Khalid rode a wave of stardom and fame with debut album “American Teen,” but brings us back to reality with his latest album “Free Spirit.” Having everything and everyone at your fingertips can only bring so much, and Khalid reflects on these deep feelings of pain and loneliness with his sophomore album. The numbness expressed throughout his life drives Khalid through struggles with substance abuse and fake relationships, yet all he longs for is peace and relief from this life, perhaps even his life of fame.

The album’s message is encapsulated in “Intro,” where Khalid introduces us to his struggles, saying, “I’ve been focusing on putting me first. Still could never see you with somebody else. I can’t even live with being by myself. That’s the part of me that really needs your help. Lately, I haven’t been doing very well. That’s the difference between heaven and hell.”

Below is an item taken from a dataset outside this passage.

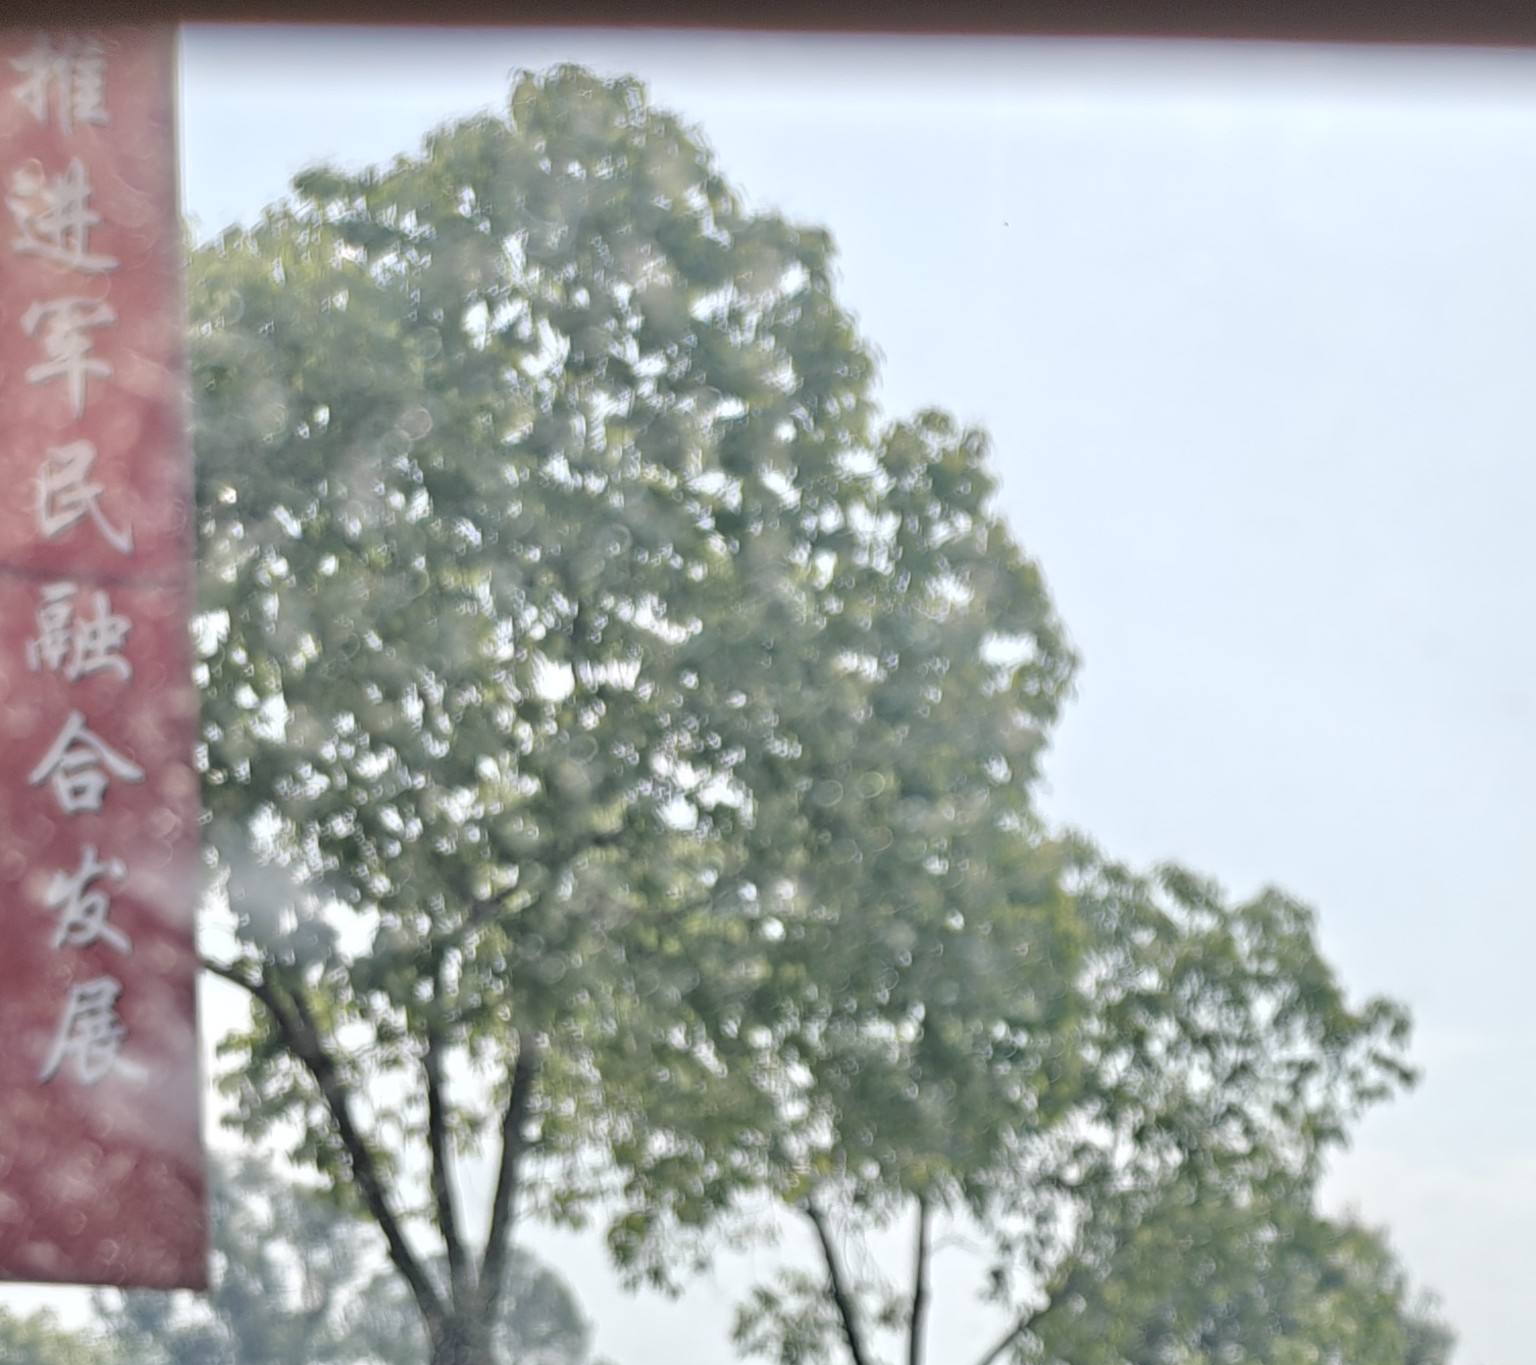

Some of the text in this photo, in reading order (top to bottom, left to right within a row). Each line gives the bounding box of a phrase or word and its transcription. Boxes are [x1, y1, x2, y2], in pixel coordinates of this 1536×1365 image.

[6, 34, 150, 1086] 推进军民融合发展

These themes pop up throughout the rest of the album, sharing his discomfort with fame, relationships and even his own self.

Again, keeping with the trend of feeling denied, “Bad Luck” says, “So if you’re gonna love me, You gotta love all of me. You gotta love, deeper than that/ Now, if you’re gonna leave me. You better run far away, I’d hate for you to leave me attached.”

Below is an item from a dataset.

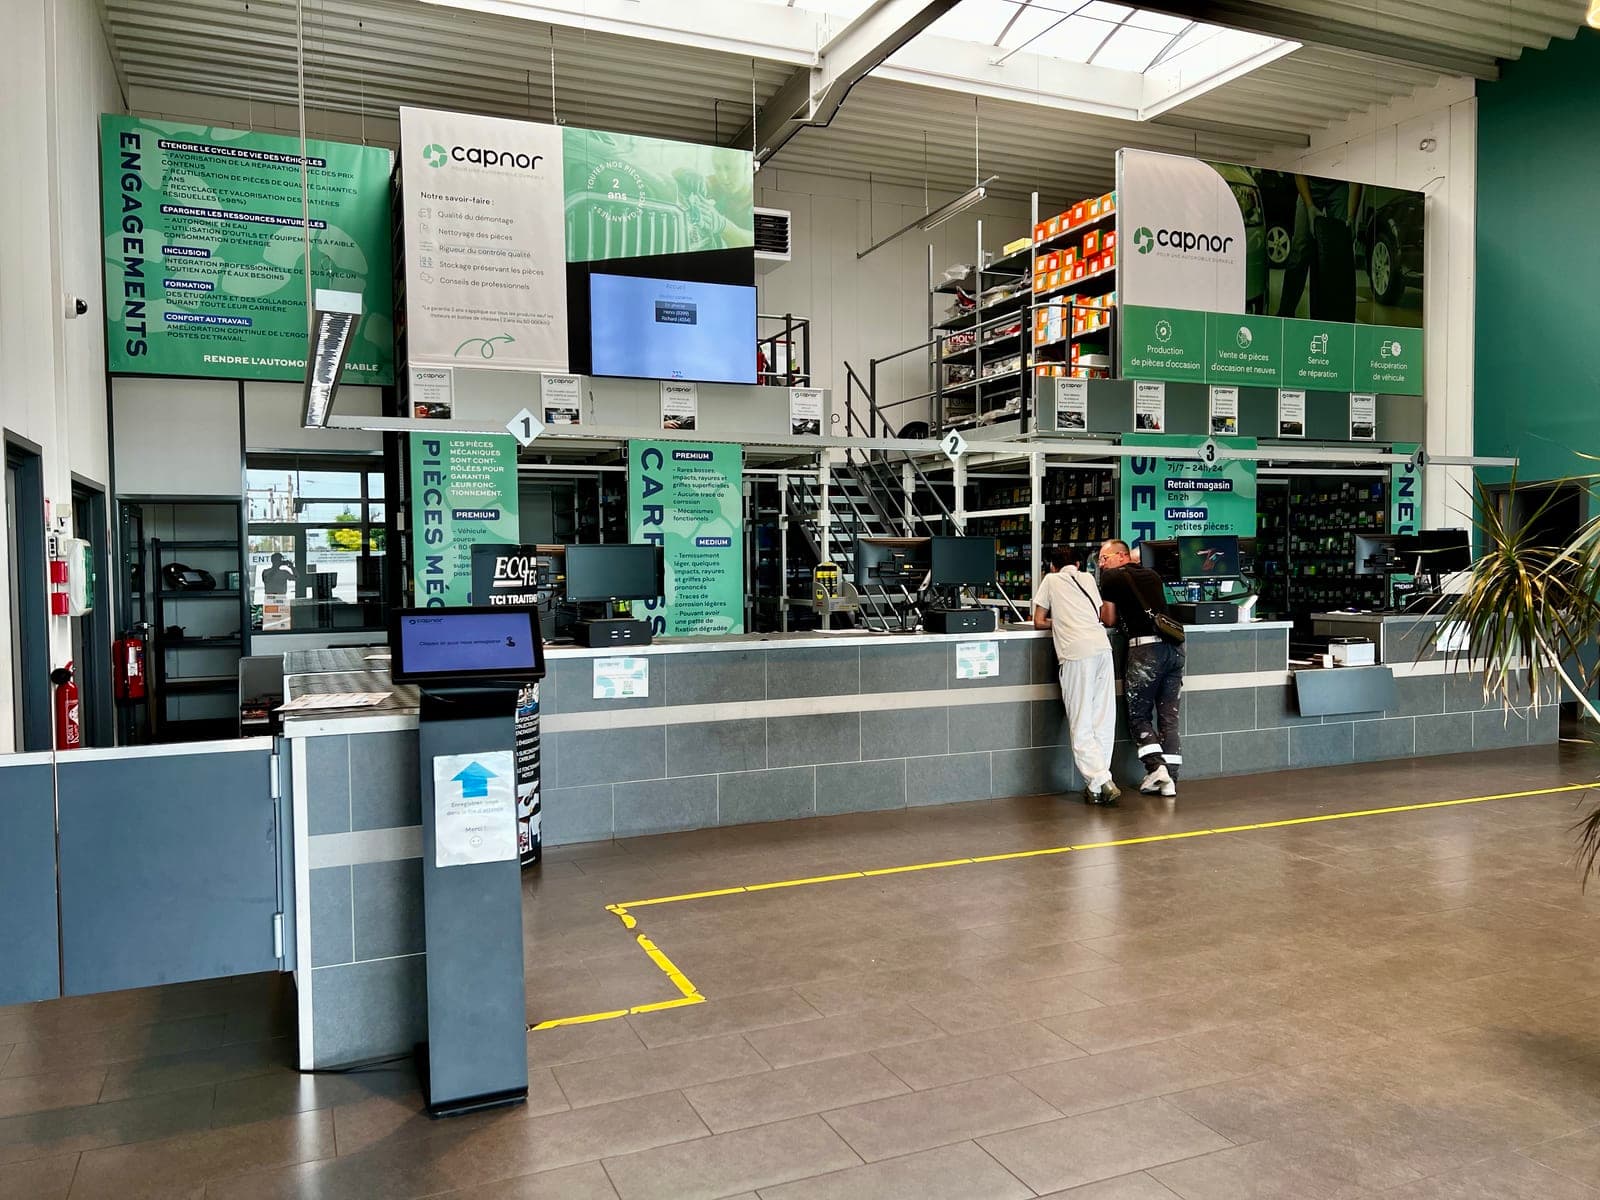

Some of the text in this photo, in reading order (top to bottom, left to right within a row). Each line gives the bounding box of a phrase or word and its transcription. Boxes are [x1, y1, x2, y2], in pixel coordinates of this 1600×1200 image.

Through Khalid’s high falsetto notes and smooth guitar riffs, he displays the struggle of wanting love and feeling rejected throughout the album.

Khalid expresses the pain that love brings in tracks such as “Self,” “Alive” and “Heaven,” departing from his common teenage angst that fans were introduced to in “American Teen.” All three of these songs contain deeper, more mature lyrics that express the deep loneliness and pain Khalid struggles with. Khalid shares these feelings with us in “Alive” by expressing his deep sorrow through his melancholic vocals and the all-encompassing synthesized beats. However, the strength of this song is not just from the music but also the lyrics: “Gatekeeper, can you show me more to life… I shouldn’t have to die to feel alive.”

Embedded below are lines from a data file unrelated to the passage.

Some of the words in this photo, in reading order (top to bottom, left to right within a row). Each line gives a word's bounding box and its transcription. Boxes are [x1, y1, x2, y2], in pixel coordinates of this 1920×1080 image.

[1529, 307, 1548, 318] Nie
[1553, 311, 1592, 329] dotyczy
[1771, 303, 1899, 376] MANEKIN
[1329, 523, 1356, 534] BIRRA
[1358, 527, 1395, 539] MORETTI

Titular song “Free Spirit” and the seventh track “Don’t Pretend” are two of the weaker tracks among some of the deeper songs on the album. “Free Spirit” builds with every intention of dropping into an impressive hook, however, the song takes a more mellow unsatisfying turn, “We’ll be free spirits, free spirits. Can you hear me calling? Oh, it’s all or nothing.” This song may seem airy and light, but its lack of interesting sounds and lyrics stifle its originality. Similarly, “Don’t Pretend” is also far from impressive, because it lacks any entertainment value, resulting in just another filler track on an already crowded album. Both songs are worthy of being skipped.

Paradise” and “Better” are the true R&B songs on this album. Sensual and smooth, “Better” expresses the promiscuity of a secret relationship: “Nothing feels better than this, oh no. We don’t gotta hide, this is what you like I’ll admit, Nothing feels better than this.” Do not ignore this track, because its silky, smooth vibe features desire and romance. Khalid also brings the funk with his neo-soul track “Paradise.” The lyrics are far from memorable, but “Paradise” encourages listeners to stand up and move to the groove.

“Free Spirit” ends with “Saturday Nights,” a poor choice after the much more emotional tracks before it. The album has a lot of filler, radio-friendly tracks that have little business being on it. The 17-track album is too large and the better tracks on “Free Spirit” can be overshadowed by the extremely crowded album.

Overall, Khalid’s second album struggles through ups and downs. There are some great songs on this album and Khalid should be praised for his ability to create a meaningful track. However, where the “Free Spirit” excels, it is also held back because of its oversized track list. Some of the tracks on the album, although fun, can simultaneously be boring.

The album is definitely not the best showing for the sophomore R&B artist, but Khalid shows some promise of what is to come in a hopefully long, successful career.